In short, the approach to showing art at the first incarnation of Ferus was anarchic. “It wasn't intended to be a fuck you,” Kienholz said. “It was … an alternative route. And it wasn't cooperative.… It was Walter's and mine. It was a place where other things could be tried.… The community response, with the exception of a very few special people, was either ridicule or laughter or the classic ‘My kid could do that.'”
13

Ferus did not prove to be a magnet for art collectors, but the actor Vincent Price bought one of Kienholz's paintings for $100. Kienholz took the check to Barney, proprietor of the nearby bar Barney's Beanery, who hesitated, unsure whether the check would clear. Price didn't buy anything else from Ferus until 1964, when, as a spokesperson for Sears, Roebuck and Co.'s department of fine art, he bought about twenty folksy paintings by Streeter Blair.

The Tail-o-the-Pup, a La Cienega hot dog stand constructed in the shape of a hot dog, was a regular lunch stop for Kienholz and Hopps. One afternoon in 1956, they had drawn up their contract on a paper wrapper: “We will be partners in art for five years.” After the first year, Kienholz wanted out.

“I very quickly realized that I couldn't do a gallery thing because I can't remember faces and names. People would come in and they'd say, ‘Hi.' I'd say, ‘Hi.' They'd say, ‘How are you?' I'd say, ‘Fine.' They'd say, ‘What's the matter?' I'd say, ‘Nothing.' They'd say, ‘Well, do you know who we are?' I'd say, ‘No.' They'd say, ‘We bought the “something-something” yesterday.' I'd say, ‘Oh shit, yeah, I'm sorry.'”

Kienholz added, “But that just turns people off like hell.”
14

According to Kienholz, he sold his share of Ferus to Hopps for $1,500, then lugged all manner of cast-offs and supplies up the seventy-two steps to his house.

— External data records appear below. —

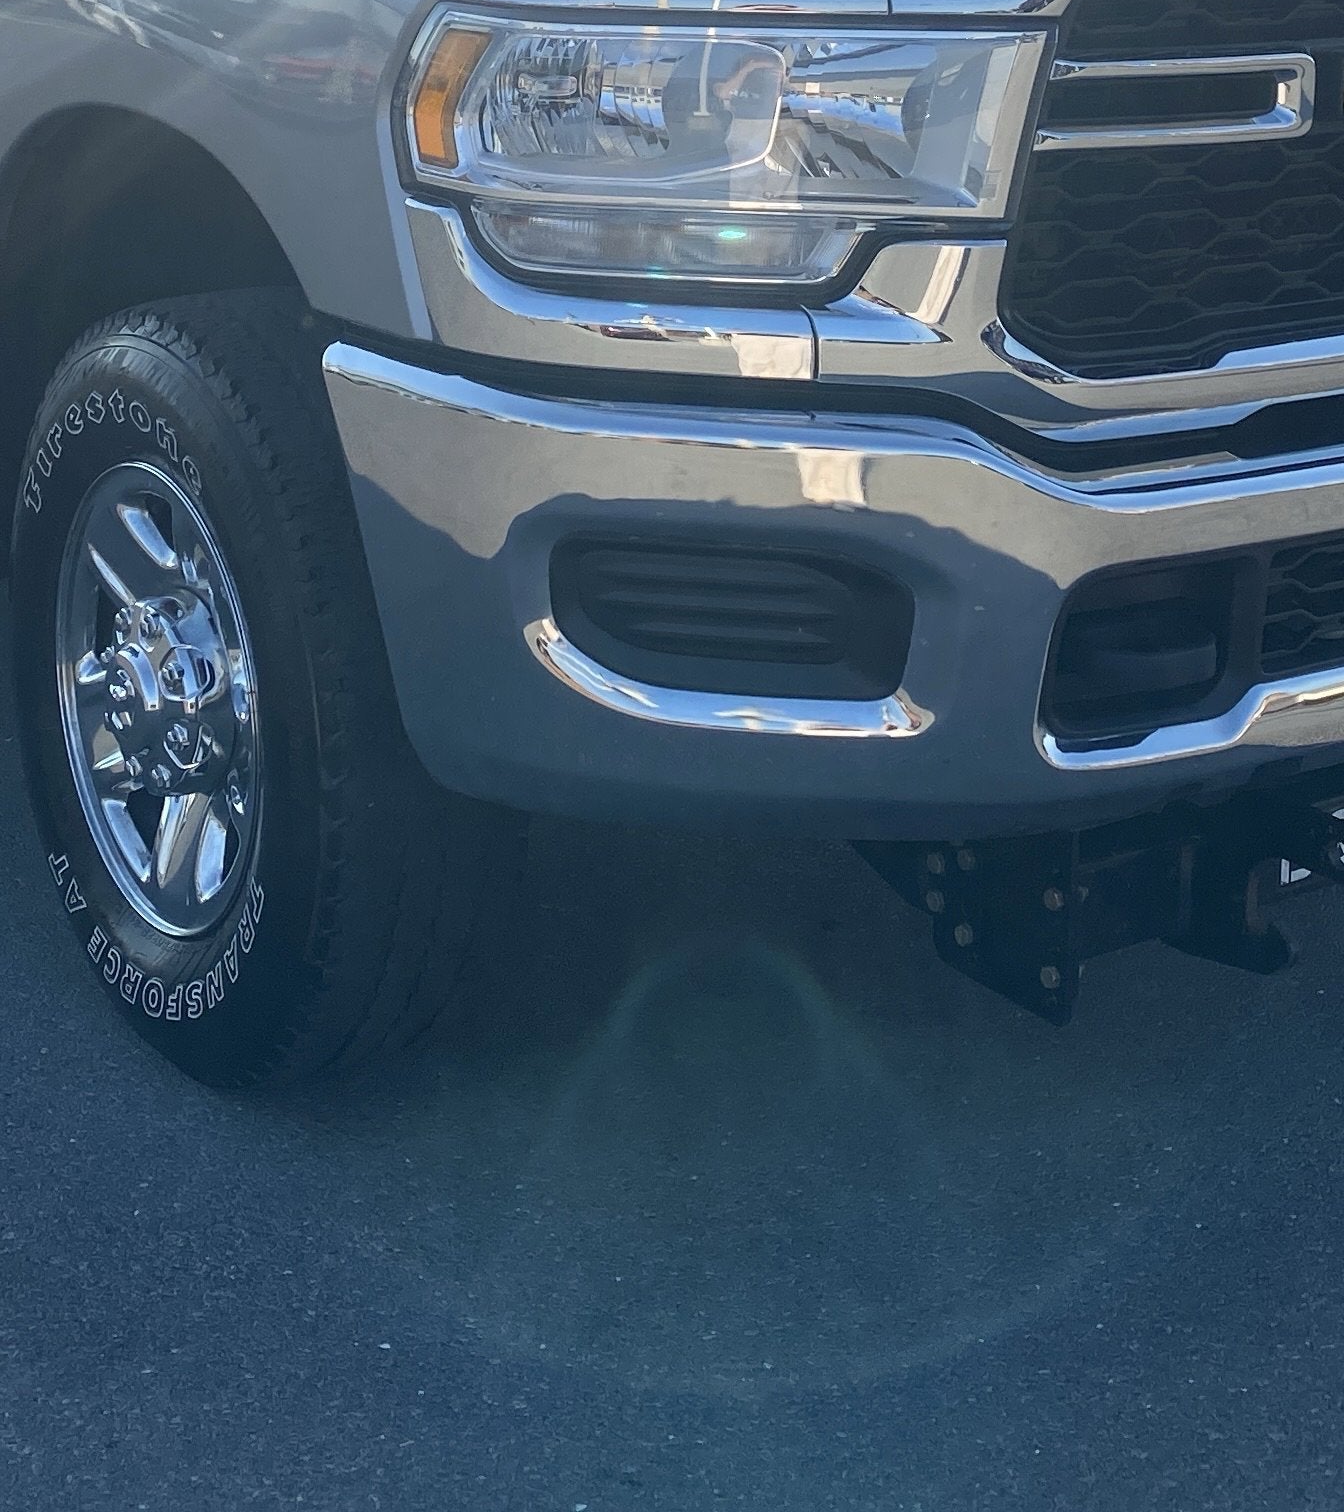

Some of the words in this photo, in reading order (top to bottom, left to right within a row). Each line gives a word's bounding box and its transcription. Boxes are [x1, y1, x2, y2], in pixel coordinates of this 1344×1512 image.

[23, 389, 203, 514] Firestone
[48, 852, 88, 914] AT
[86, 876, 265, 1021] TRANSFORCE
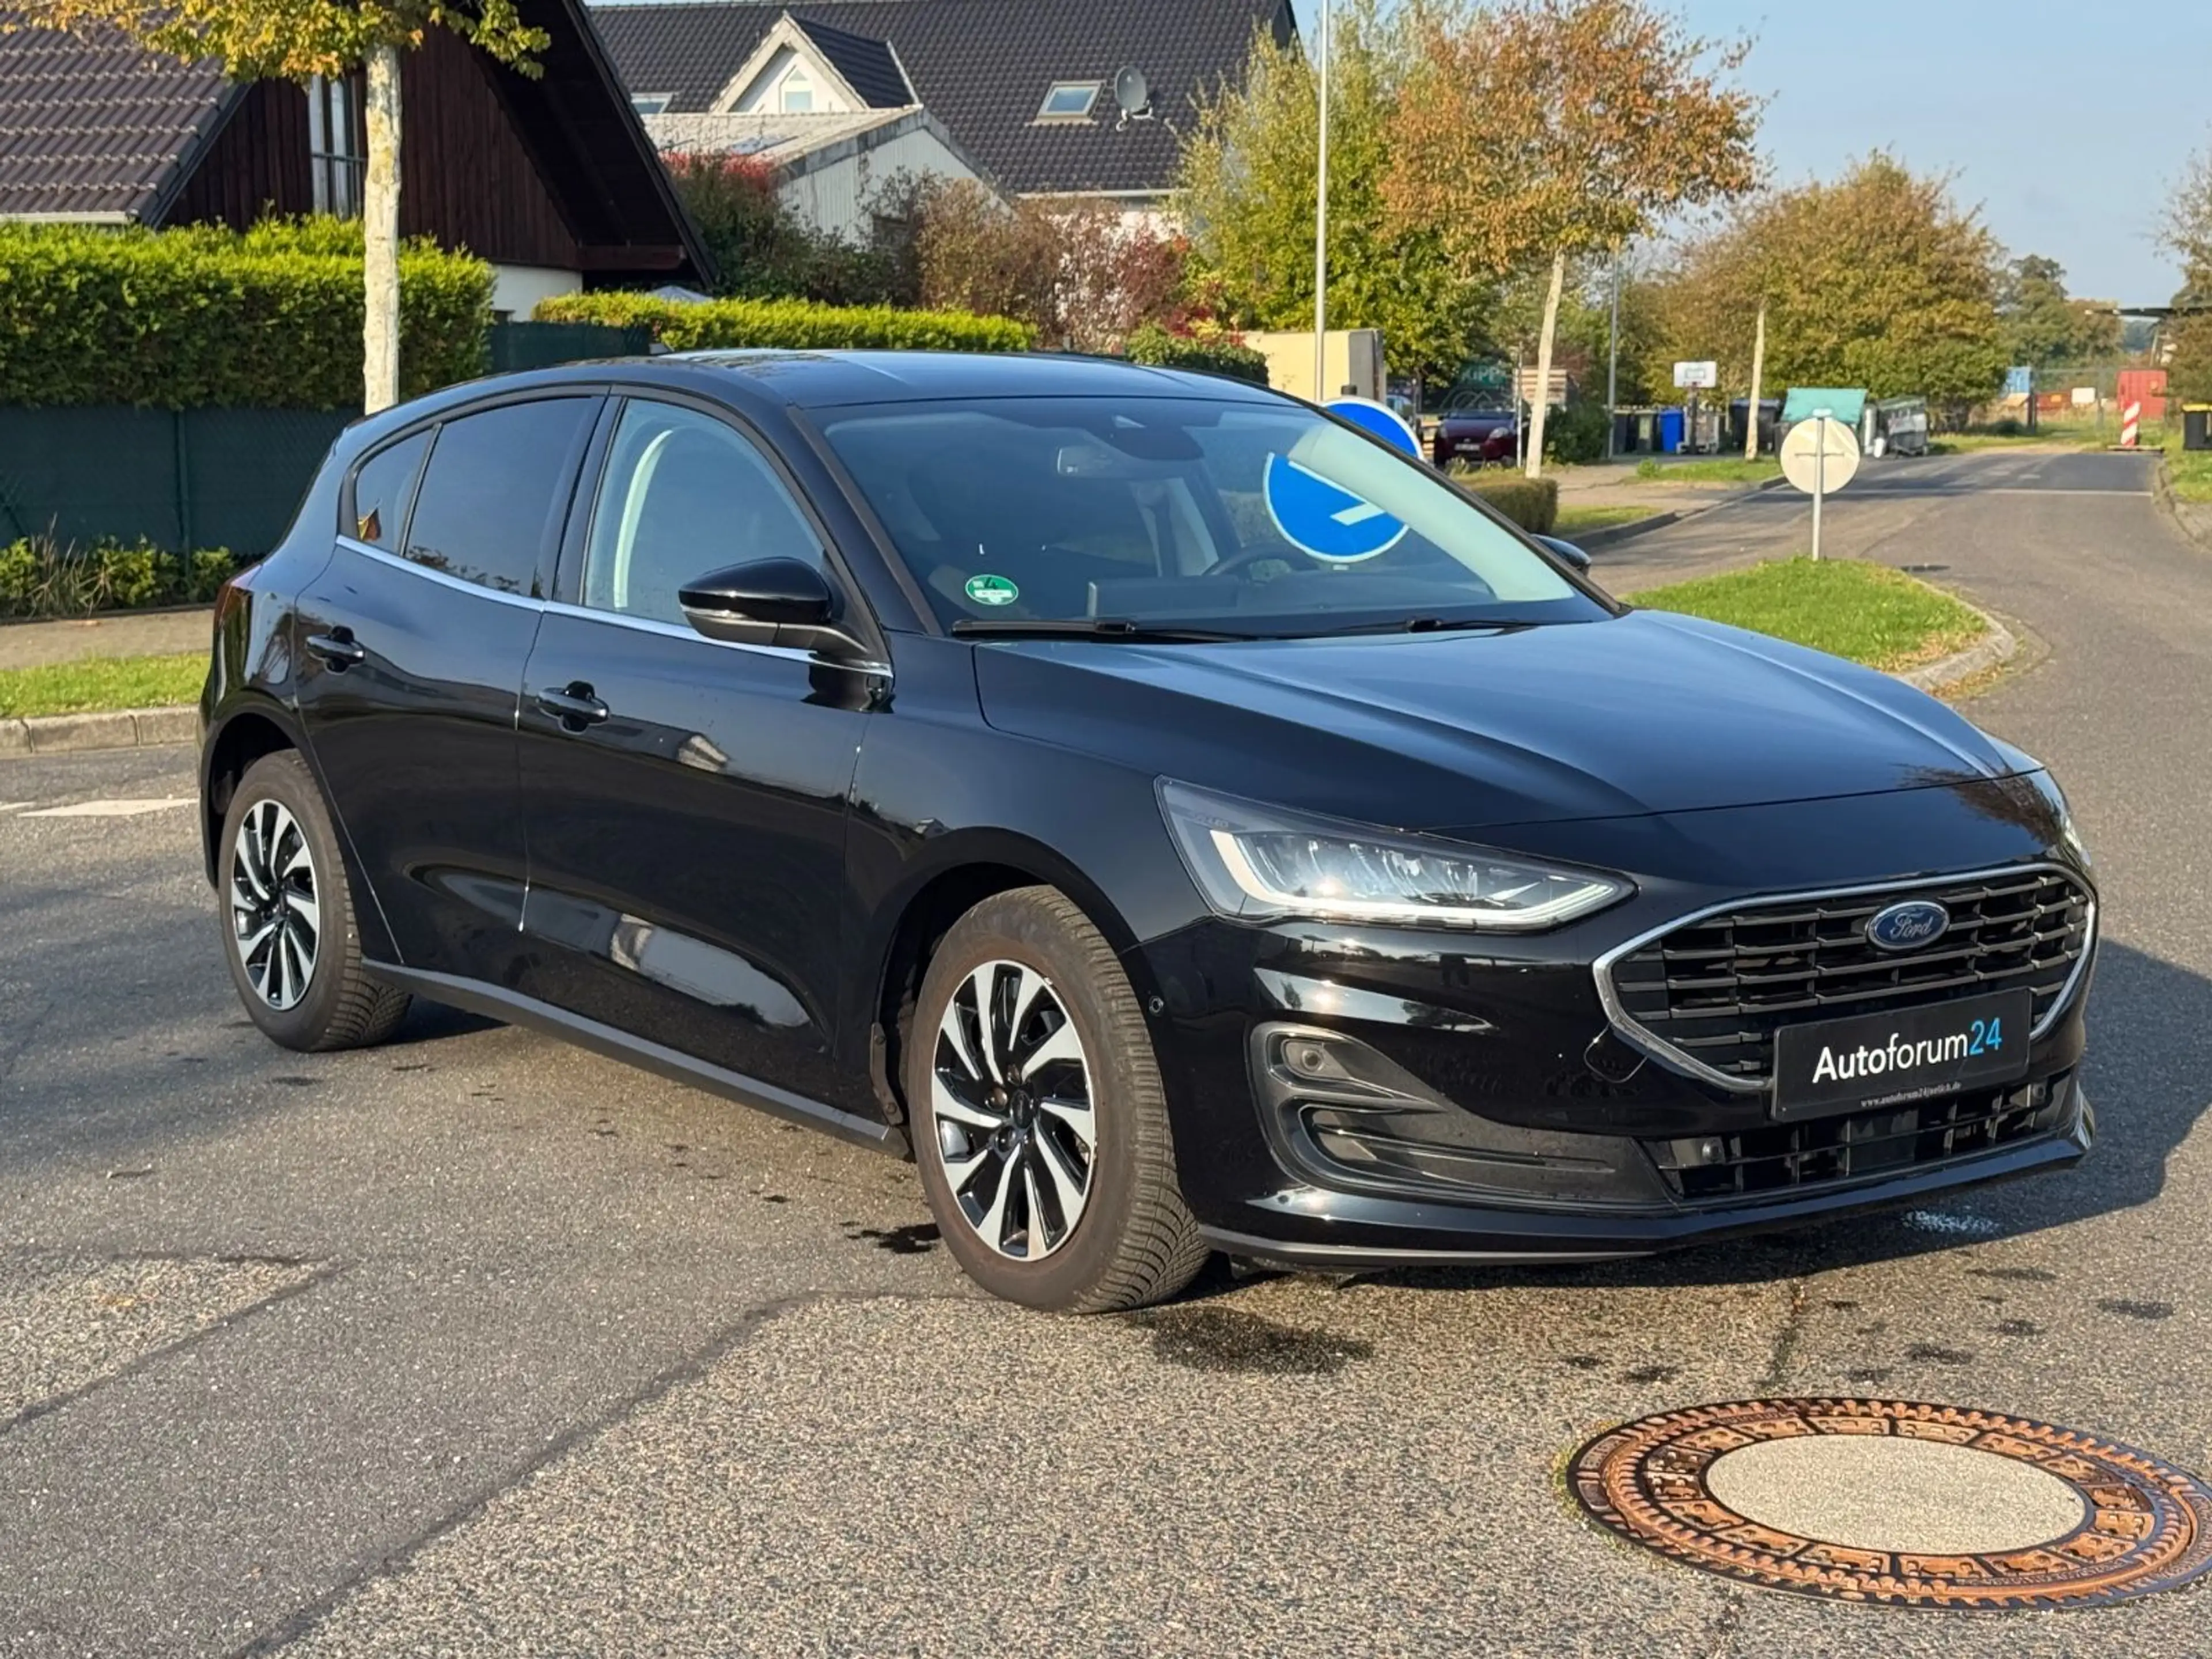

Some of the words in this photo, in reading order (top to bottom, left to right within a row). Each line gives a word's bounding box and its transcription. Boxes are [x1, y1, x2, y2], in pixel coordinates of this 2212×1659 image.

[984, 577, 998, 590] 4
[1889, 912, 1934, 940] Ford
[1812, 1017, 2002, 1083] Autoforum24
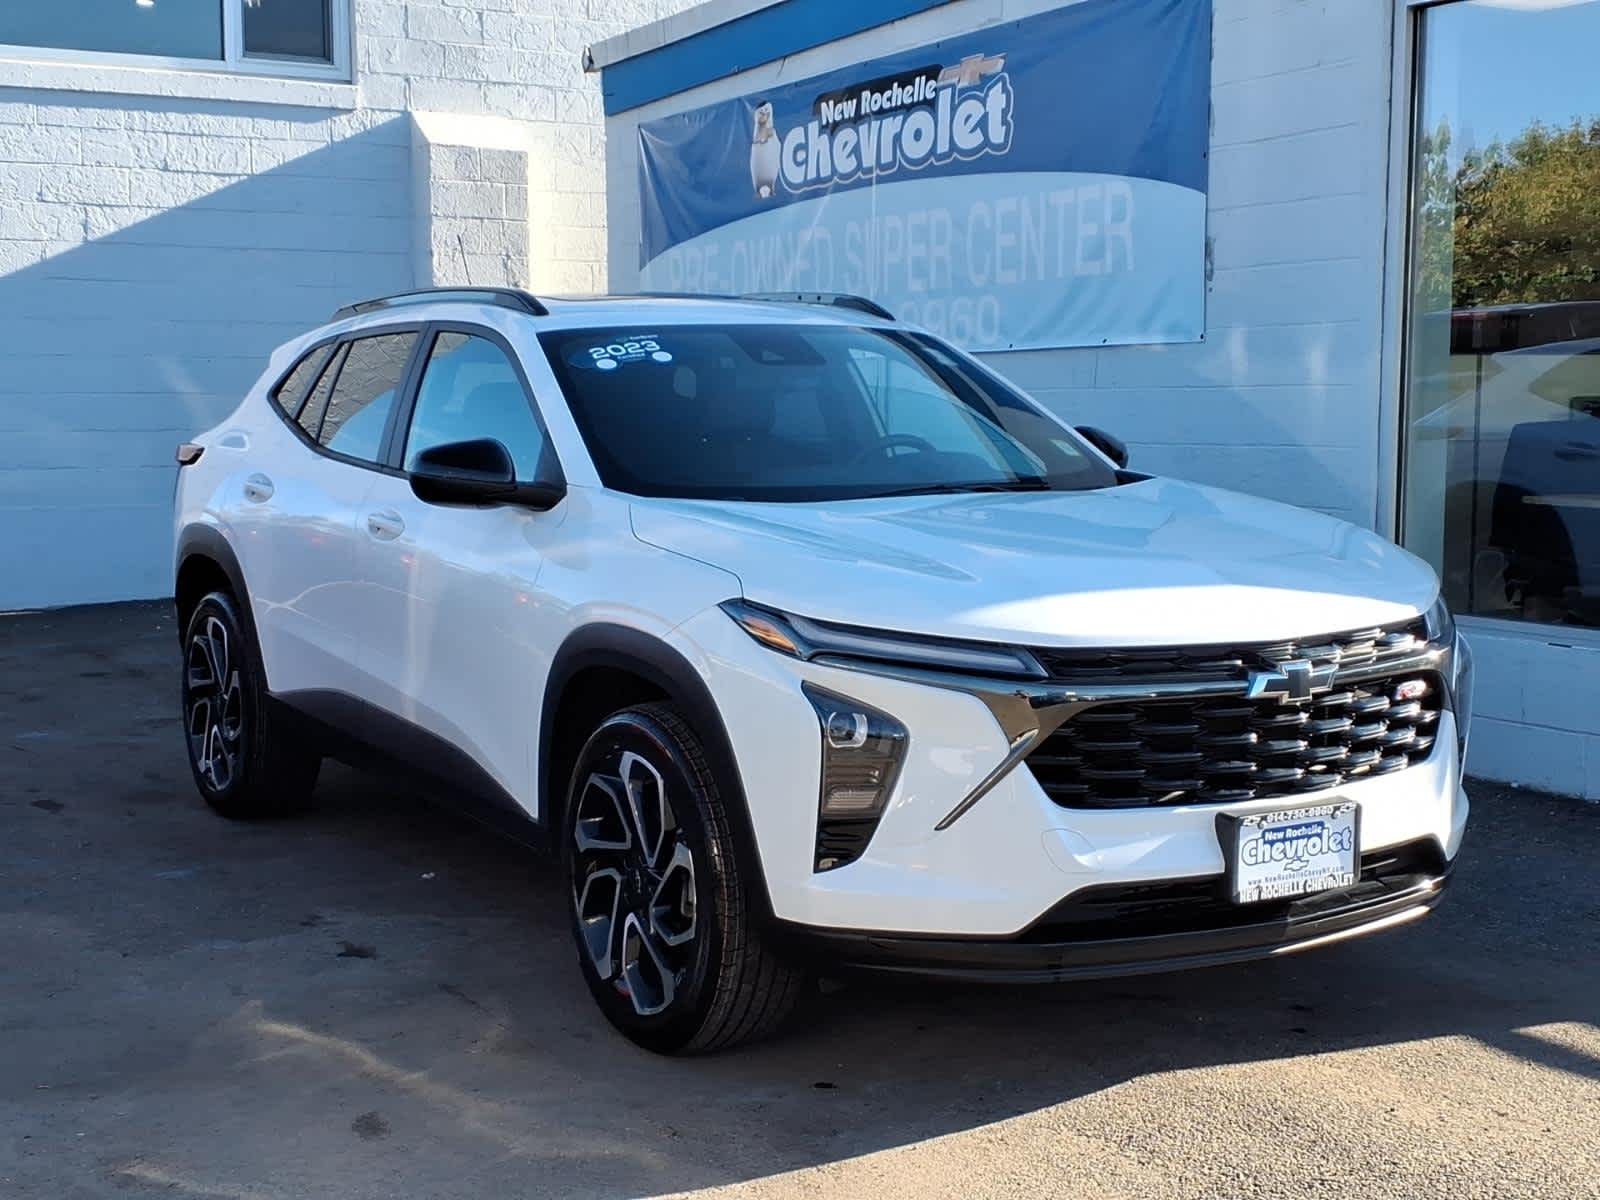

He built a studio in his overgrown backyard to concentrate on his own art, which had grown in complexity and scale to include parts of mannequins and bits of furniture. Mary quit her job to take care of their two toddlers, Noah and Jenney.

It soon became apparent that Hopps was incapable of sitting in an art gallery day in and day out. His strength was talking to artists in their studios and spotting talent. Shirley contributed her free time and some of her paycheck from the University of California–Riverside, where she was then teaching art history, but it was clear that he needed a new partner.